A new federal rule will provide higher Medicare payments for homeless patients, which may encourage hospitals to identify these patients and help them with their needs.
ABSTRACT
A final rule has been issued that increases Medicare fee-for-service payment rates for individuals experiencing homelessness. This rule provides new, incentivized opportunities to better screen for and document homelessness among patients in acute inpatient settings. With greater identification of homeless patients, there may be increased needs to develop comprehensive discharge plans that involve coordination with housing providers and social service agencies to prevent the high repeated use of acute care found among many homeless patients.
Am J Manag Care. 2024;30(3):e63-e64. https://doi.org/10.37765/ajmc.2024.89516
Takeaway Points
A new federal rule will provide higher Medicare payments for homeless patients, which may encourage hospitals to identify these patients and help them with their needs.
CMS has issued the fiscal year 2024 Inpatient Prospective Payment System (IPPS) and Long-Term Care Hospital Prospective Payment System (LTCH PPS) final rule, which updates Medicare fee-for-service payment rates and policies for inpatient hospitals and long-term care hospitals.1 This final rule recognizes the higher hospital costs to treat individuals experiencing homelessness. Under this final rule, in acute inpatient hospital settings, CMS has changed indicators of homelessness from a “non–complication or comorbidity” to “complication or comorbidity,” thus increasing their reimbursement rate. These indicators of homelessness include International Classification of Diseases, Tenth Revision, Clinical Modification (ICD-10-CM) codes Z59.00 (homelessness unspecified), Z59.01 (sheltered homelessness), and Z59.02 (unsheltered homelessness). Services provided to patients with these codes will generally result in a higher payment to reflect the increased hospital resources needed to service homeless patients.

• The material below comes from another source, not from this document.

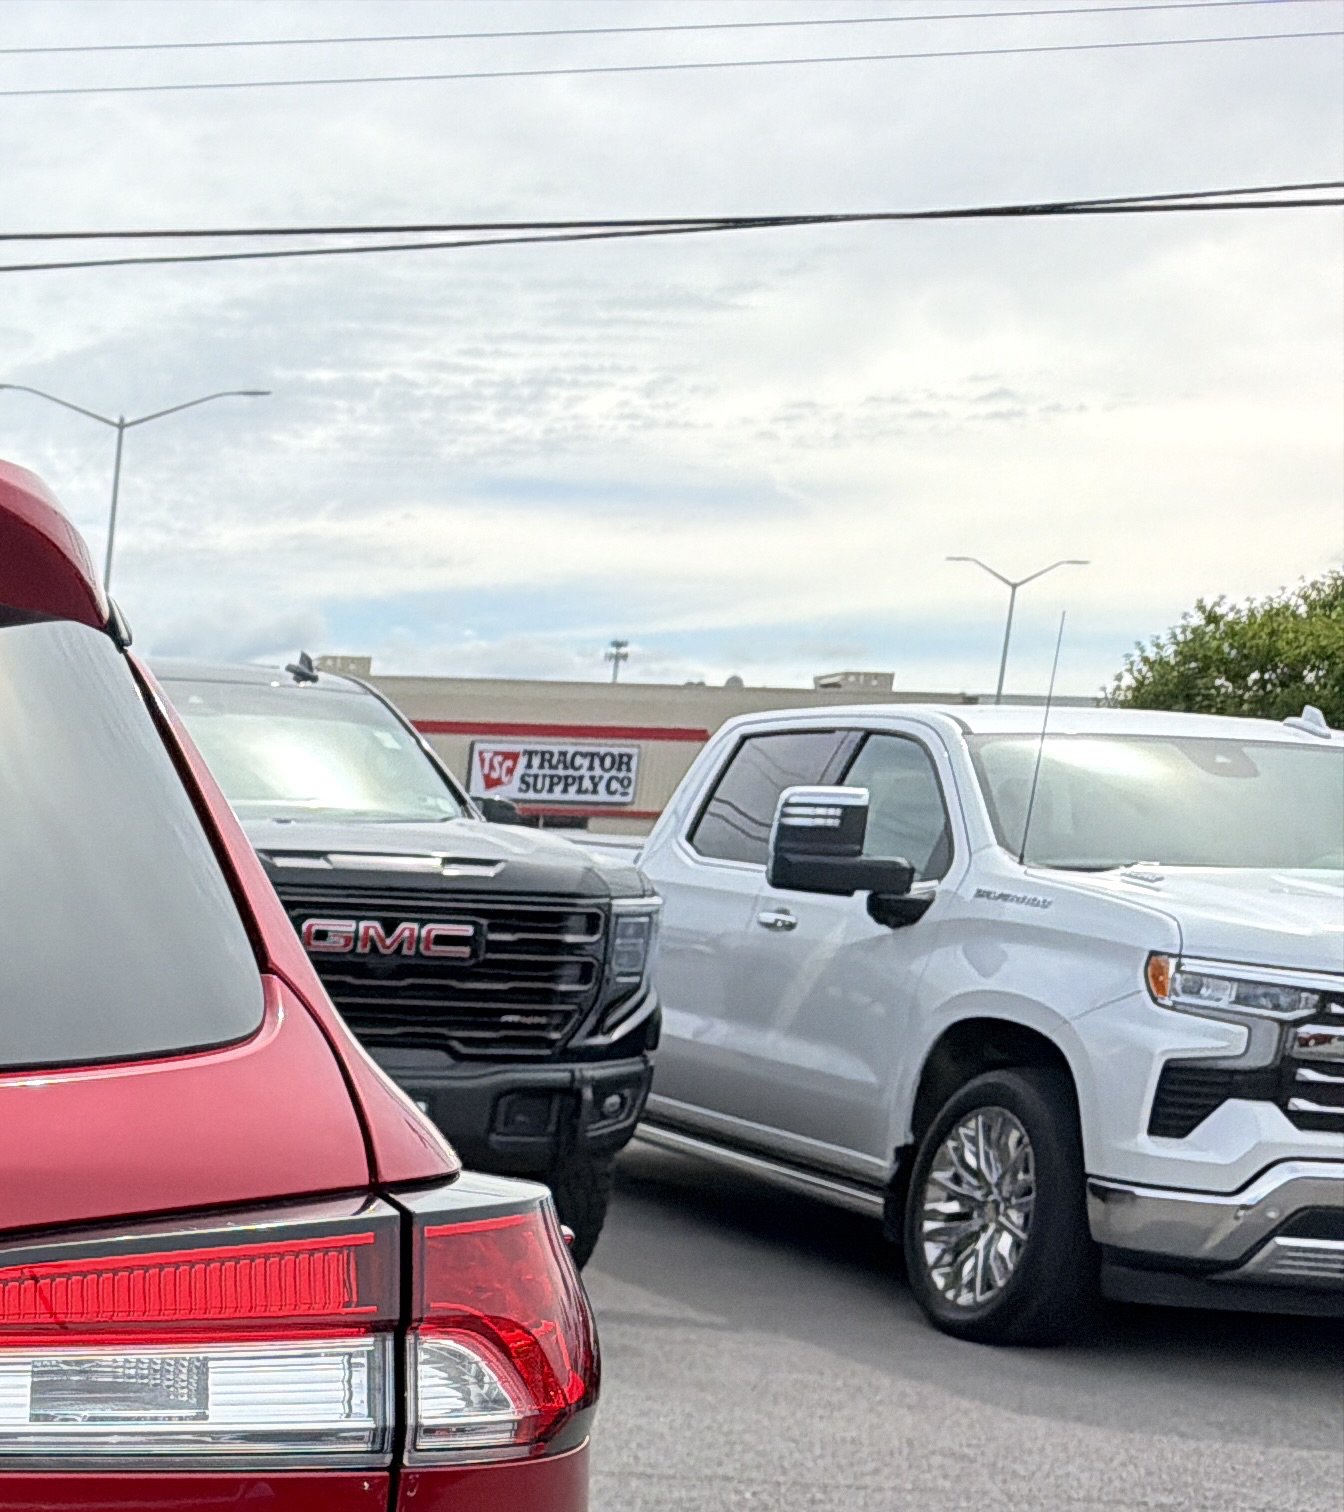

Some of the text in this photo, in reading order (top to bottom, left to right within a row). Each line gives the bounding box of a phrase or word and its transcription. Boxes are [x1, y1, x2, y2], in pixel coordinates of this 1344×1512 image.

With this new rule, there is an incentivized opportunity to better screen for and document homelessness among patients. In many hospitals, the ICD-10-CM codes for homelessness are underutilized, which may be due to lack of standardized screening, inadequate documentation practices, and lack of data sharing across systems.2 As part of a rule made by CMS that took effect in fiscal year 2023,3 hospitals, health plans, and multipayer federal and state programs will be required in 2024 to implement measures to screen for social determinants of health. Implementation of systemwide screening does not necessarily lead to consistently documented diagnostic codes. In the US Department of Veterans Affairs (VA), which operates the country’s largest integrated health care system and has implemented universal screening for homelessness, the screening and documentation of homelessness have been variable, so multiple indicators (screening, service records of homeless program use, and diagnostic codes) are often used to identify homeless patients.4 It may be advisable for other hospitals to develop standardized methods of identification with a process for formal documentation of relevant ICD-10-CM codes. Also evidenced by the VA health care system, the availability of health care coverage and reimbursement for the care of homeless patients does not necessarily lead to reduced use of acute care services.5
The identification of homeless patients will help hospitals receive reimbursement for costs but may also introduce other needs and opportunities. With greater identification and documentation of homelessness, there may be increased needs to formulate discharge plans for homeless patients. Many homeless patients have complex medical, psychiatric, housing, and other social needs, which often result in repeated use of acute care services.6 Thus, it is important that discharge plans for homeless patients include plans for housing, health care, and other social determinants of health. Without proper intervention or aftercare, the costs of acute care utilization among homeless patients may not be offset by the new increased payments provided by the new CMS rule. To develop effective discharge plans, coordination with housing providers, health care providers, and social service agencies may be needed to implement lasting processes for homeless diversion and address the socioeconomic and health problems underlying the use of inpatient and emergency department services.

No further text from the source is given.